Weeks later, when the Gotham Awards unveiled its own nominees for the year’s best independent films, female filmmakers were again at the fore: All five of the Best Picture nominees were directed by women, including “Nomadland,” “Never Rarely Sometimes Always,” Kelly Reichardt’s “First Cow,” Kitty Green’s “The Assistant,” and Natalie Erika Jaymes’ “Relic.” Five blockbuster franchise films sounds good, but you know what sounds even better? Five Best Picture nominees directed by women.
With 2021 on the horizon, the numbers are again telling an exciting story. Next year will — fingers crossed! — see the release of a number of much-anticipated feature films from female directors. It’s not as staggering as the five that were expected earlier this year, but it’s damn close. Shortland’s “Black Widow” is still on deck, and so is Zhao’s “Eternals.” Nia DaCosta is joining the Marvel world, too, and her “Captain Marvel 2” will be coming in 2022, just a few months behind her own 2021 studio debut “Candyman,” another 2020 feature pushed back to accommodate a theatrical release.

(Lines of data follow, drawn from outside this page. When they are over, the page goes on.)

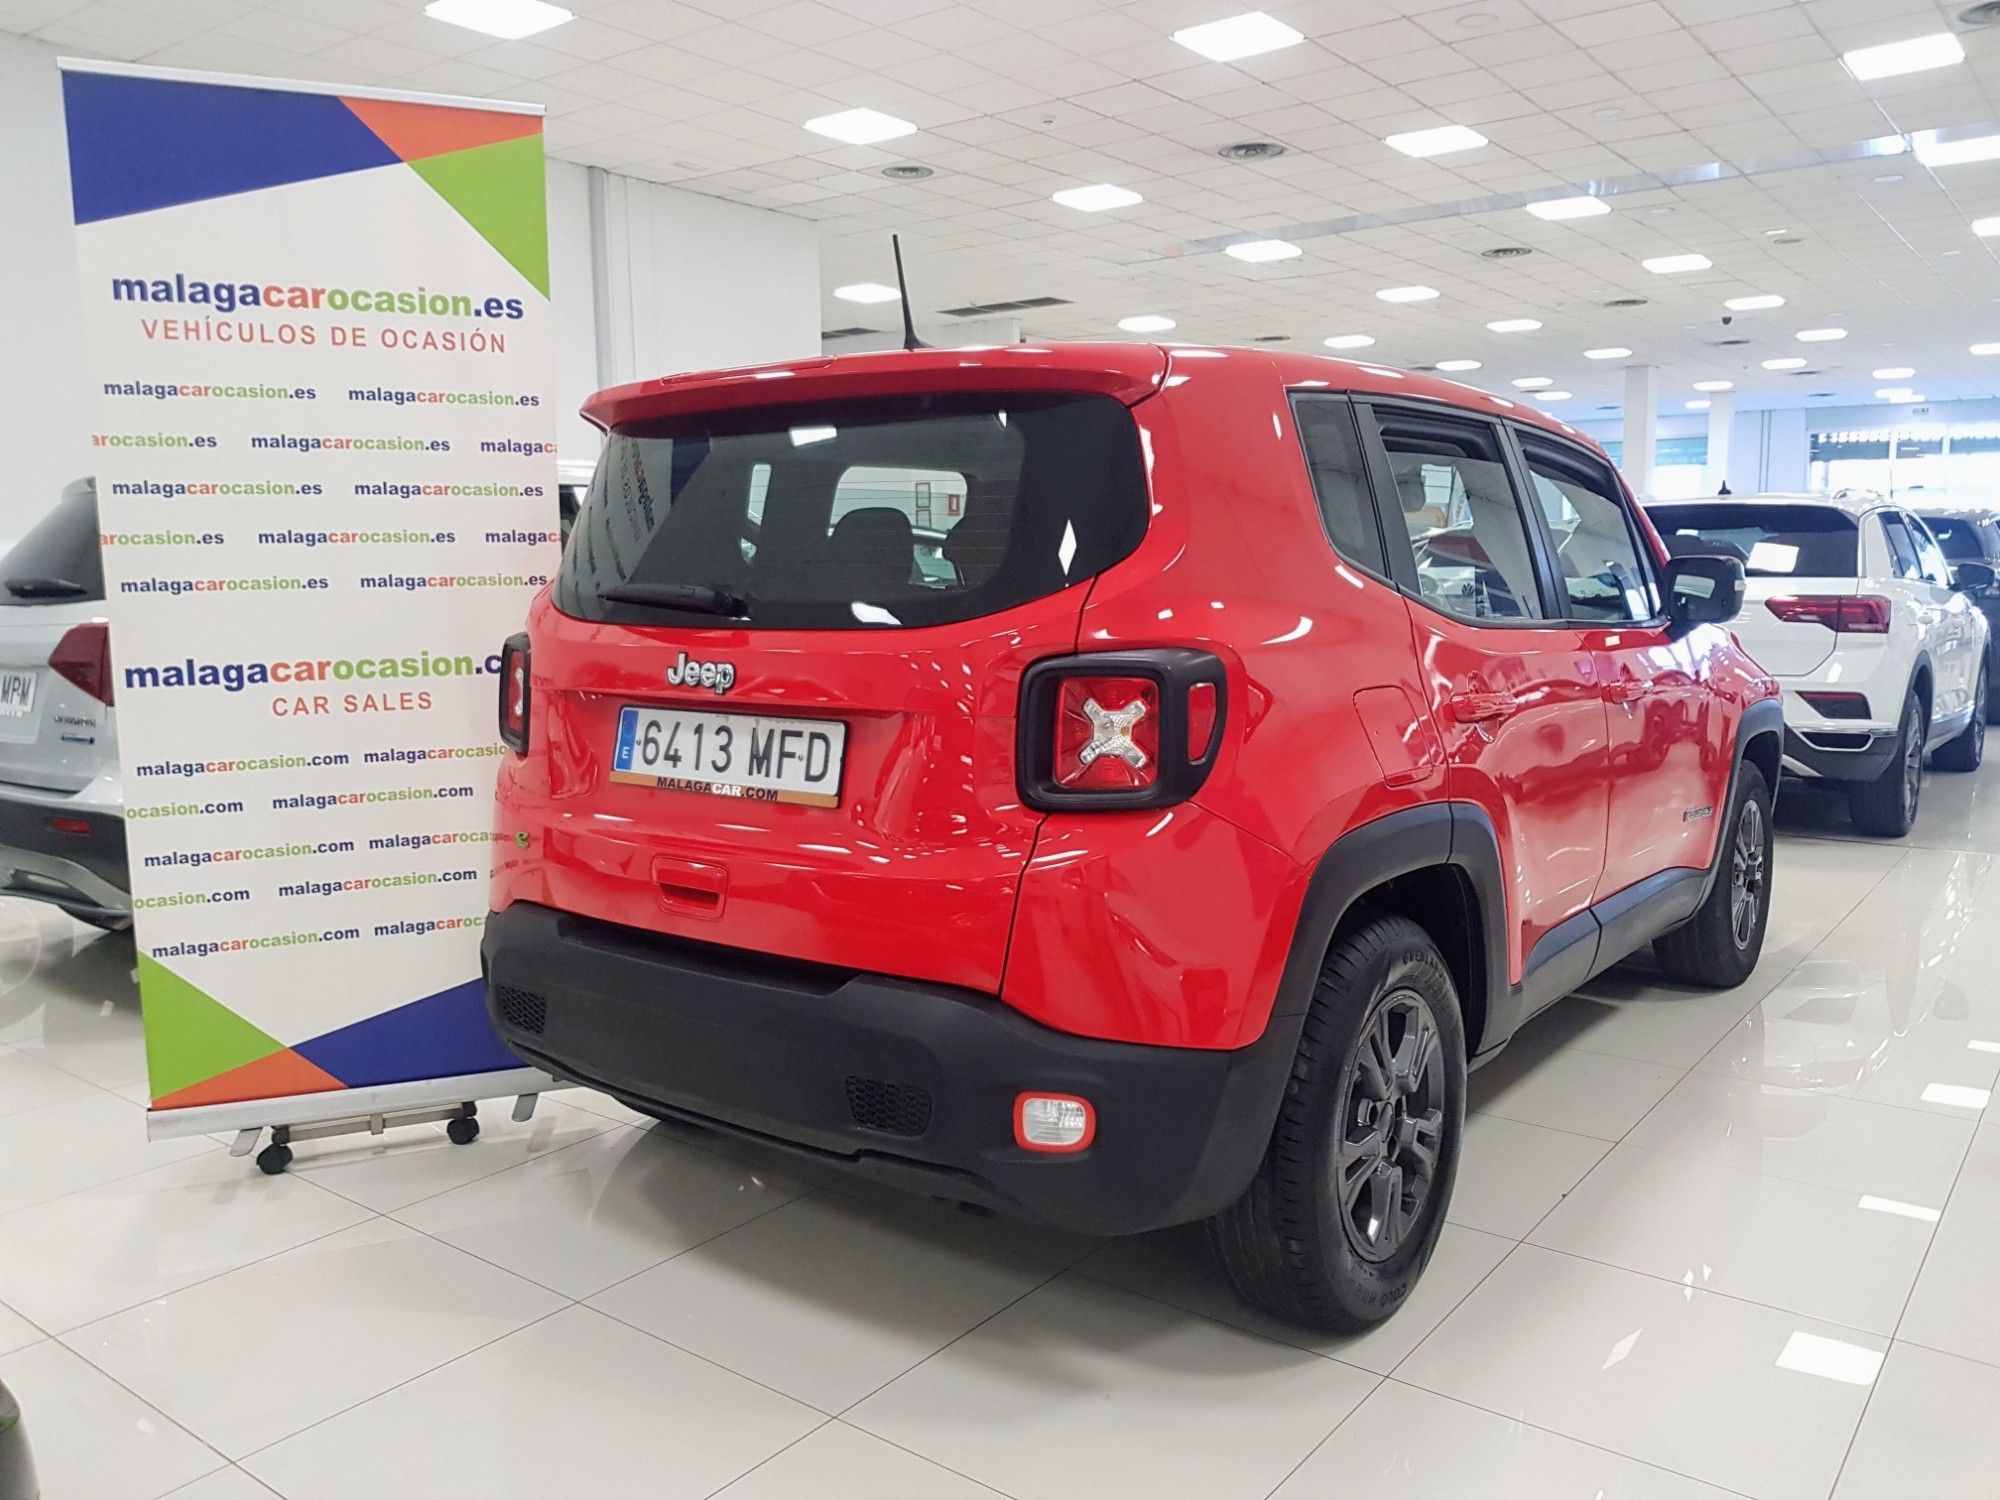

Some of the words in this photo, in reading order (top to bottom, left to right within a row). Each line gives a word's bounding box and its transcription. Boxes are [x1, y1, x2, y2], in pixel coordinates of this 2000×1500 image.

[112, 273, 524, 319] malagacarocasion.es
[141, 316, 315, 345] VEHÍCULOS
[331, 327, 366, 347] DE
[381, 328, 504, 353] OCASIÓN
[104, 380, 316, 401] malagacarocasion.es
[349, 387, 539, 407] malagacarocasion.es
[252, 433, 450, 452] malagacarocasion.es
[481, 438, 557, 456] malagac
[113, 480, 323, 499] malagacarocasion.es
[355, 481, 543, 500] malagacarocasion.es
[258, 530, 455, 548] malagacarocasion.es
[121, 576, 328, 595] malagacarocasion.es
[360, 573, 547, 590] malagacarocasion.es
[667, 652, 735, 694] Jeep
[273, 696, 330, 717] CAR
[344, 691, 432, 713] SALES
[622, 746, 630, 759] E
[642, 719, 734, 773] 6413
[748, 727, 831, 782] MFD
[136, 753, 349, 777] malagacarocasion.com
[272, 786, 473, 810] malagacarocasion.com
[656, 776, 779, 801] MALAGACAR.COM
[144, 840, 354, 868] malagacarocasion.com
[279, 870, 478, 897] malagacarocasion.com
[152, 928, 360, 958] malagacarocasion.com

Mackenzie Davis, Clea DuVall, and Kristen Stewart on the set of “Happiest Season”
Hulu
In festival land, numbers only continue to tick upwards, and this week’s Sundance slate held another hint to a changing world. For the first time ever, the festival has reached gender parity with its filmmakers. Such ideas no longer feel like gimmicks, but a true reflection of the world in which we live, and the people who are telling stories about it.
As we move further into a tricky awards season and another years at the movies (we hope!), it seems obvious that female-directed films will continue to get made and earn acclaim along the way. They may even go all the way to the Oscars, a voting body that has long had its own issues with affording adulations to movies that happen to be directed by women. So much has changed this year, why not that?